»»

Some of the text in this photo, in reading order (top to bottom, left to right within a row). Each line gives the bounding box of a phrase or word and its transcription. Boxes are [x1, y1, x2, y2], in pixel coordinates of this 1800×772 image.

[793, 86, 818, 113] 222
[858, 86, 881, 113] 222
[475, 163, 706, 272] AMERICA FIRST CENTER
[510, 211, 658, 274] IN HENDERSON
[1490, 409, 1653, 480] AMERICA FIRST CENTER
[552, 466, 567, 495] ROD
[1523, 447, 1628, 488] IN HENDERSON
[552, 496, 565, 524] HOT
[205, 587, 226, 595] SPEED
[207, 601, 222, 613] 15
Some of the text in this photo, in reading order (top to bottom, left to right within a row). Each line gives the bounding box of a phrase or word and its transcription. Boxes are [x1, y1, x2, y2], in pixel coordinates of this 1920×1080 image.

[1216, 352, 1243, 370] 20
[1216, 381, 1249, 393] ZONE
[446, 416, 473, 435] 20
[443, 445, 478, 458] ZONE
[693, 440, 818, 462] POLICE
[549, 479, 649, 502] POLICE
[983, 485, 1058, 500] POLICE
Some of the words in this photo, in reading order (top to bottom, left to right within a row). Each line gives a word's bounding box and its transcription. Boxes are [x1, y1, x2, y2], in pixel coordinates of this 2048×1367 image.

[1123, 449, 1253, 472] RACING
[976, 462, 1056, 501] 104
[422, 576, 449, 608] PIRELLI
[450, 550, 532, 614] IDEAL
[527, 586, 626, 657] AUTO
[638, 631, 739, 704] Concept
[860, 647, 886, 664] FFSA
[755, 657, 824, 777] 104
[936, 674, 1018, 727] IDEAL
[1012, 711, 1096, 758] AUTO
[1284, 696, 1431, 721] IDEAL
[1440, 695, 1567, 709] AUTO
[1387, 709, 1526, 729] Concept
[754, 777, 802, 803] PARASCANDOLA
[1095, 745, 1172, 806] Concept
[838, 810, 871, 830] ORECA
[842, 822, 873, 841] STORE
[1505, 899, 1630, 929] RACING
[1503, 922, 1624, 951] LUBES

««

### TASK STATEMENT:
The entries above must each be repeated exactly.

### EXPECTED OUTPUT:
Some of the text in this photo, in reading order (top to bottom, left to right within a row). Each line gives the bounding box of a phrase or word and its transcription. Boxes are [x1, y1, x2, y2], in pixel coordinates of this 1800×772 image.

[793, 86, 818, 113] 222
[858, 86, 881, 113] 222
[475, 163, 706, 272] AMERICA FIRST CENTER
[510, 211, 658, 274] IN HENDERSON
[1490, 409, 1653, 480] AMERICA FIRST CENTER
[552, 466, 567, 495] ROD
[1523, 447, 1628, 488] IN HENDERSON
[552, 496, 565, 524] HOT
[205, 587, 226, 595] SPEED
[207, 601, 222, 613] 15
Some of the text in this photo, in reading order (top to bottom, left to right within a row). Each line gives the bounding box of a phrase or word and its transcription. Boxes are [x1, y1, x2, y2], in pixel coordinates of this 1920×1080 image.

[1216, 352, 1243, 370] 20
[1216, 381, 1249, 393] ZONE
[446, 416, 473, 435] 20
[443, 445, 478, 458] ZONE
[693, 440, 818, 462] POLICE
[549, 479, 649, 502] POLICE
[983, 485, 1058, 500] POLICE
Some of the words in this photo, in reading order (top to bottom, left to right within a row). Each line gives a word's bounding box and its transcription. Boxes are [x1, y1, x2, y2], in pixel coordinates of this 2048×1367 image.

[1123, 449, 1253, 472] RACING
[976, 462, 1056, 501] 104
[422, 576, 449, 608] PIRELLI
[450, 550, 532, 614] IDEAL
[527, 586, 626, 657] AUTO
[638, 631, 739, 704] Concept
[860, 647, 886, 664] FFSA
[755, 657, 824, 777] 104
[936, 674, 1018, 727] IDEAL
[1012, 711, 1096, 758] AUTO
[1284, 696, 1431, 721] IDEAL
[1440, 695, 1567, 709] AUTO
[1387, 709, 1526, 729] Concept
[754, 777, 802, 803] PARASCANDOLA
[1095, 745, 1172, 806] Concept
[838, 810, 871, 830] ORECA
[842, 822, 873, 841] STORE
[1505, 899, 1630, 929] RACING
[1503, 922, 1624, 951] LUBES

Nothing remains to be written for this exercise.